_EXCERPTED DATA_
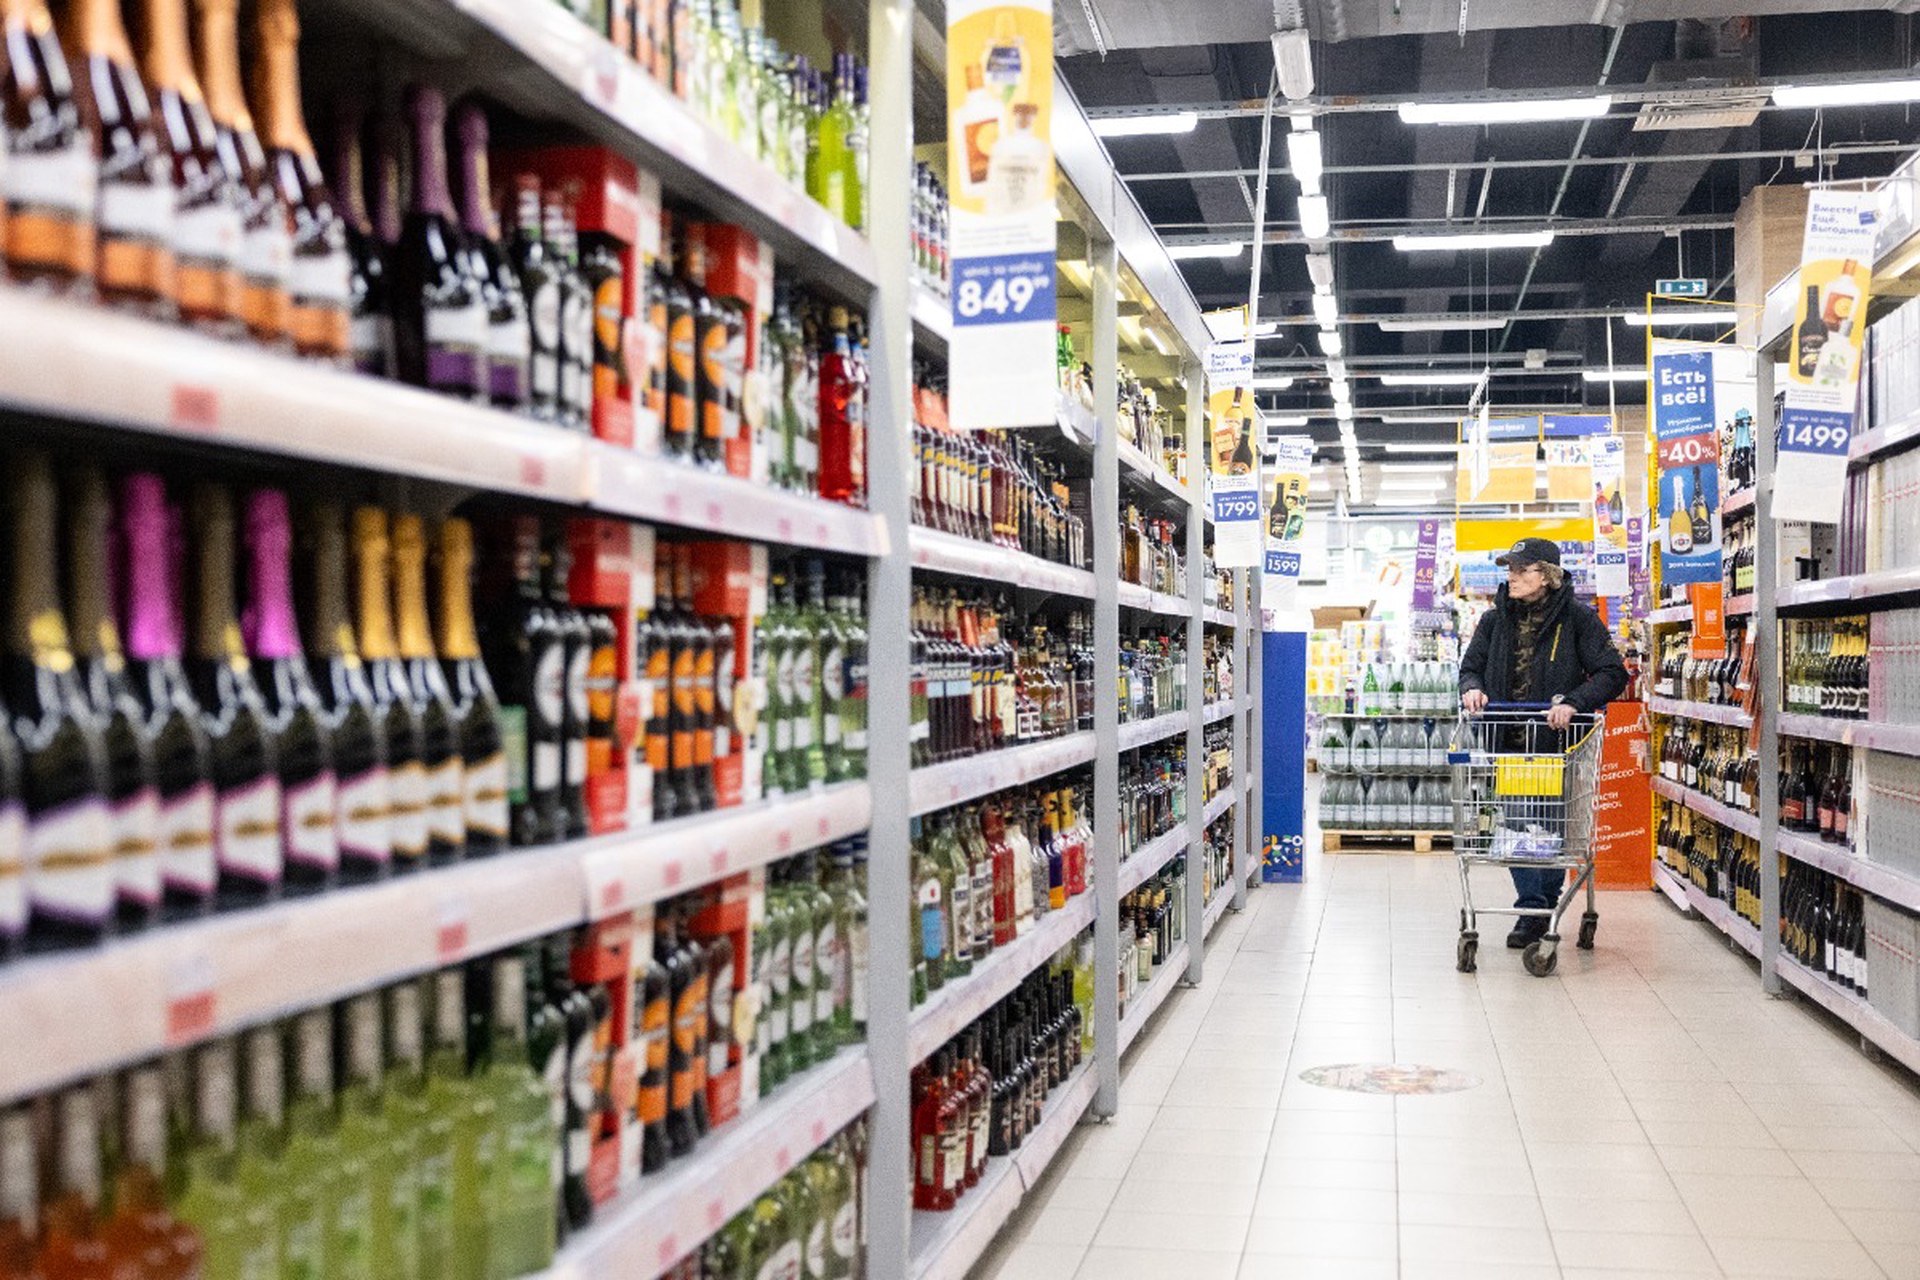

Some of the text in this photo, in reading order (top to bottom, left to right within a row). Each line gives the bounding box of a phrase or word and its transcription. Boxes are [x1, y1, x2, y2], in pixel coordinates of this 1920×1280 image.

[1661, 368, 1706, 386] Есть
[1661, 386, 1707, 406] всё!
[1787, 423, 1848, 449] 1499
[1217, 501, 1256, 517] 1799
[1268, 558, 1298, 573] 1599
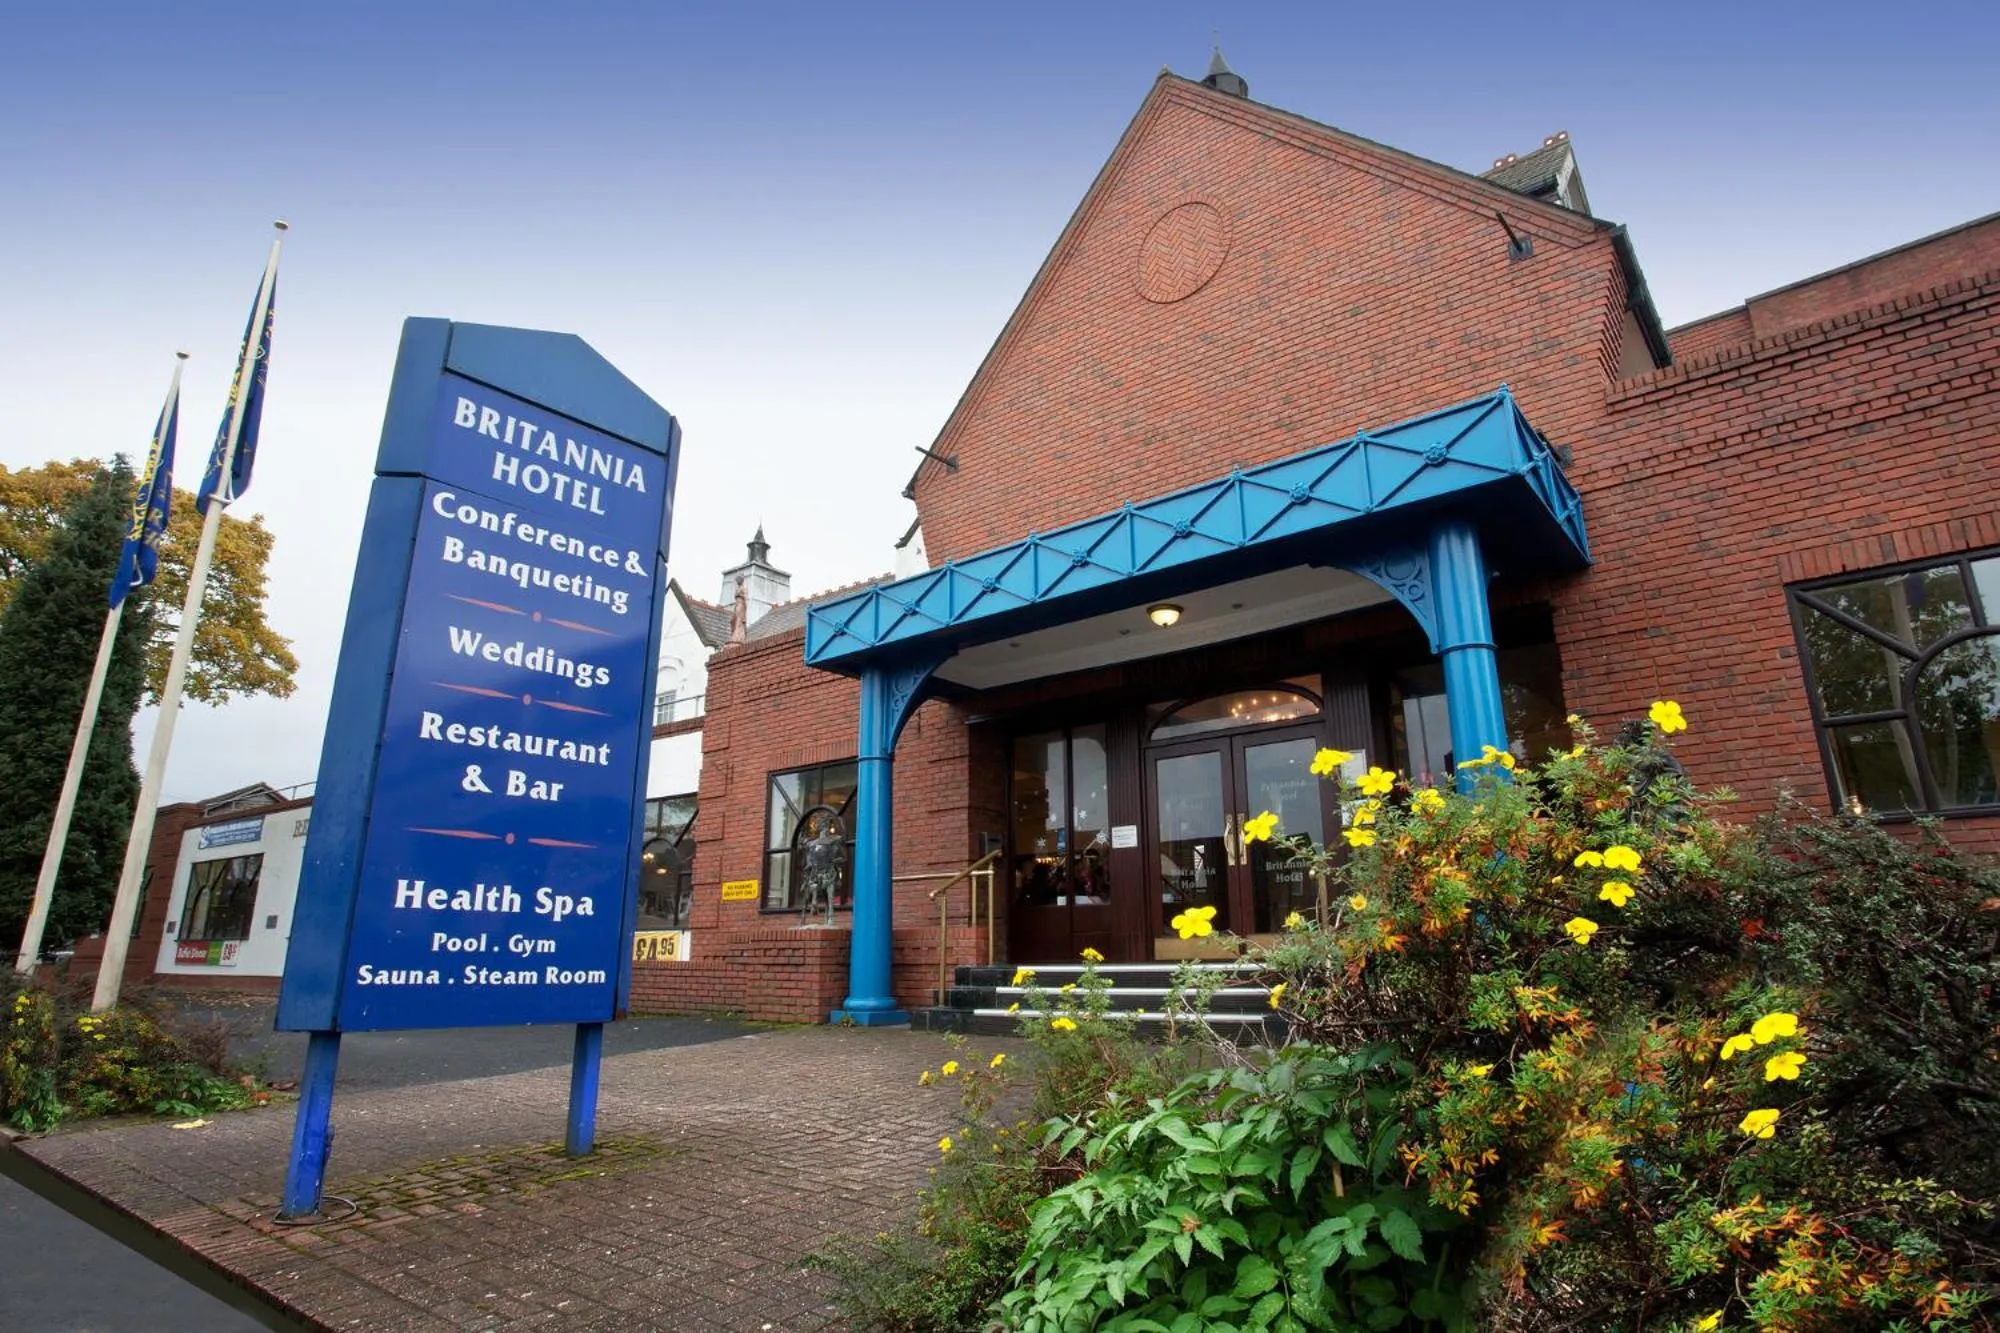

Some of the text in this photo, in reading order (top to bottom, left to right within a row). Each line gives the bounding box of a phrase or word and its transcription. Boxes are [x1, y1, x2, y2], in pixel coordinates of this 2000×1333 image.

[453, 396, 647, 494] BRITANNIA
[492, 451, 606, 516] HOTEL
[432, 491, 649, 577] Conference &
[442, 535, 629, 615] Banqueting
[448, 625, 611, 688] Weddings
[418, 711, 611, 766] Restaurant
[461, 764, 565, 801] & Bar
[394, 879, 594, 922] Health Spa
[357, 964, 440, 985] Sauna
[463, 965, 538, 985] Steam
[545, 966, 606, 985] Room
[432, 932, 487, 953] Pool
[508, 934, 556, 958] Gym

_TASK_
Give the listing above again exactly, minus any images.

_TASK RESPONSE_
Some of the text in this photo, in reading order (top to bottom, left to right within a row). Each line gives the bounding box of a phrase or word and its transcription. Boxes are [x1, y1, x2, y2], in pixel coordinates of this 1920×1280 image.

[1661, 368, 1706, 386] Есть
[1661, 386, 1707, 406] всё!
[1787, 423, 1848, 449] 1499
[1217, 501, 1256, 517] 1799
[1268, 558, 1298, 573] 1599

Some of the text in this photo, in reading order (top to bottom, left to right within a row). Each line gives the bounding box of a phrase or word and its transcription. Boxes are [x1, y1, x2, y2], in pixel coordinates of this 2000×1333 image.

[453, 396, 647, 494] BRITANNIA
[492, 451, 606, 516] HOTEL
[432, 491, 649, 577] Conference &
[442, 535, 629, 615] Banqueting
[448, 625, 611, 688] Weddings
[418, 711, 611, 766] Restaurant
[461, 764, 565, 801] & Bar
[394, 879, 594, 922] Health Spa
[357, 964, 440, 985] Sauna
[463, 965, 538, 985] Steam
[545, 966, 606, 985] Room
[432, 932, 487, 953] Pool
[508, 934, 556, 958] Gym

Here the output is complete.